La elección de modelos a copiar

Fecha Publicación: 5/12/2015

Lo pillaron copiando, basta saber de ese bochornoso incidente para explicar porque el estudiante en cuestión acaba de ser arrojado del paraíso, la acción, cargada de oscuros significados, pesa sobre el culpable para vergüenza de sus progenitores. Bien puede ser que esta actividad, en tiempos pasados catalogada como digna de graves sanciones, se haya transformado en un signo de emprendimiento, de proactividad, de iniciativa, sólo un tanto fuera de lo permisible, que merece sanción, no tanto por sí mismo, sino por falta de suficiente astucia del ejecutor, lo cual explica haber sido sorprendido, circunstancia esta última, altamente punible, más que el hecho de andar copiando por ahí. 
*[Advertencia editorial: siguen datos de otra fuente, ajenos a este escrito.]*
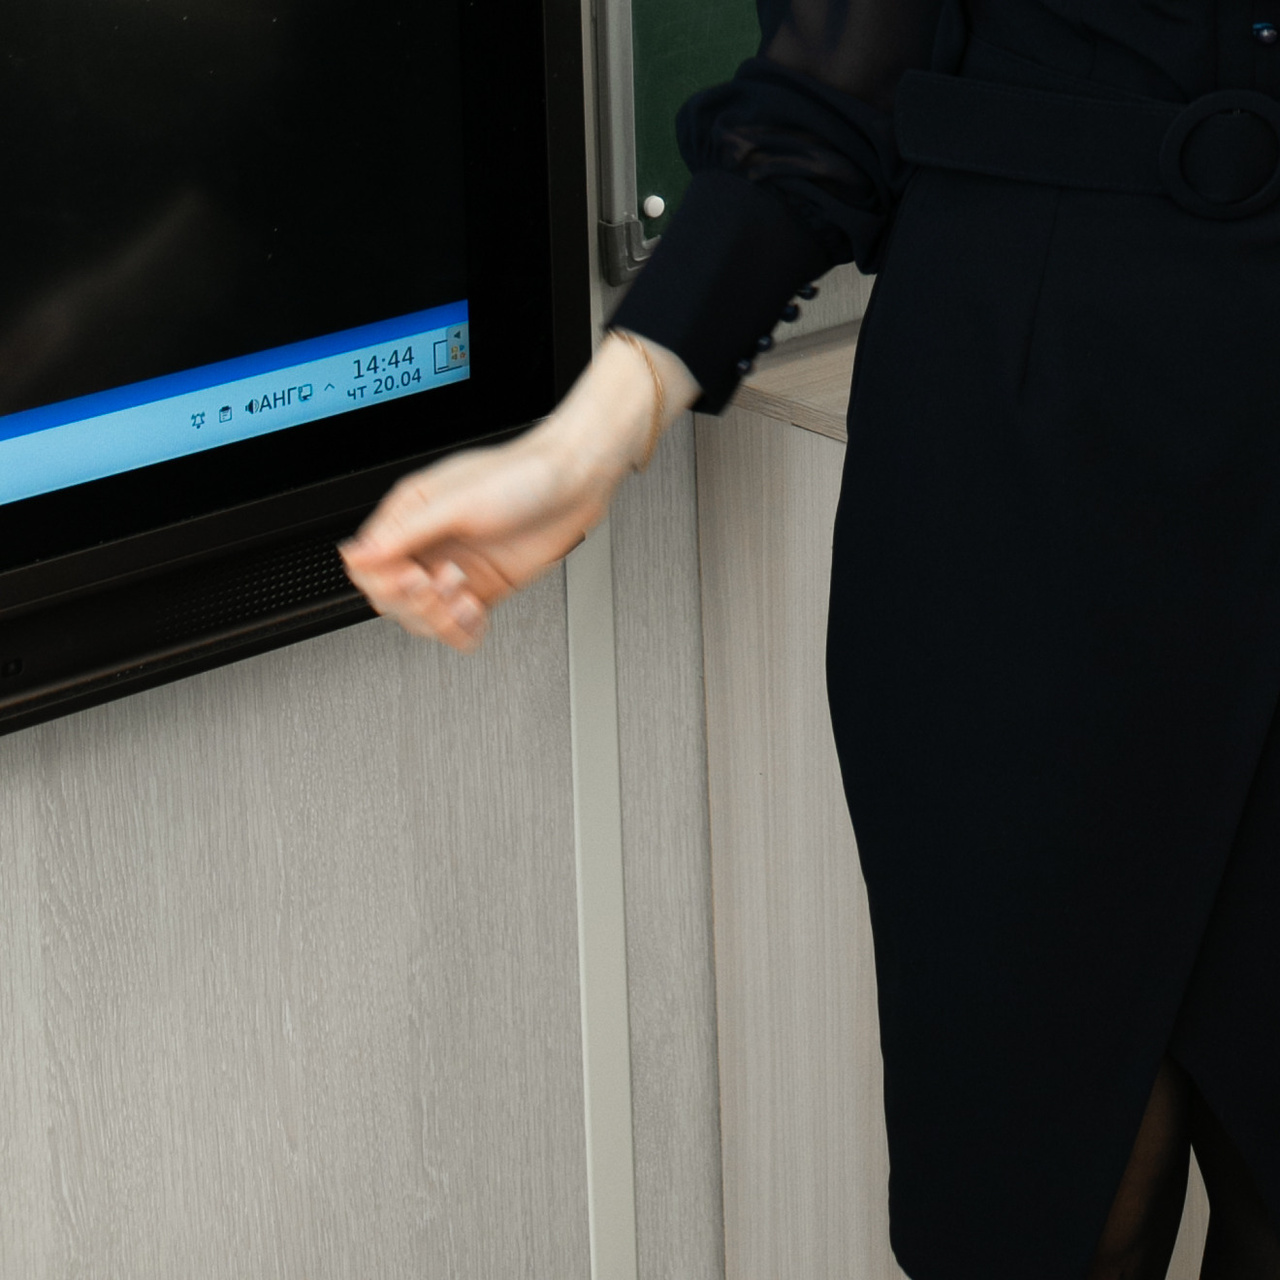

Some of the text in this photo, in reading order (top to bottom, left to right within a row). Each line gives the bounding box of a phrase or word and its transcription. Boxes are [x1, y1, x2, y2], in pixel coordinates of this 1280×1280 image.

[353, 346, 415, 380] 14:44
[259, 386, 298, 413] АНГ
[347, 368, 422, 400] чт 20.04
Desde niños aprendemos, precisamente, a copiar, los niños aprenden de observar a los adultos o a otros niños, reales o a través de imágenes. Esta capacidad para aprender por imitación es fundamental para dominar habilidades sociales básicas, como responder a gestos de afecto o de invitación, o a gestos de advertencia y amenaza, por ejemplo. Como así mismo, para transmitir conocimientos e información. Existe una explicación neurológica para este tipo de comportamiento, la existencia de neuronas especializadas para esta capacidad, llamadas neuronas espejo, que habitan en el cerebro, descubiertas al inicio de este milenio. 

Neuronas o no, lo importante es que se aprende por imitación, buenas o malas cosas. Si eso estuviera claro estaríamos copiando las características de compromiso y responsabilidad para hacer bien las cosas en el primer mundo y no las mil maneras de pasarlo bien haciendo lo menos posible.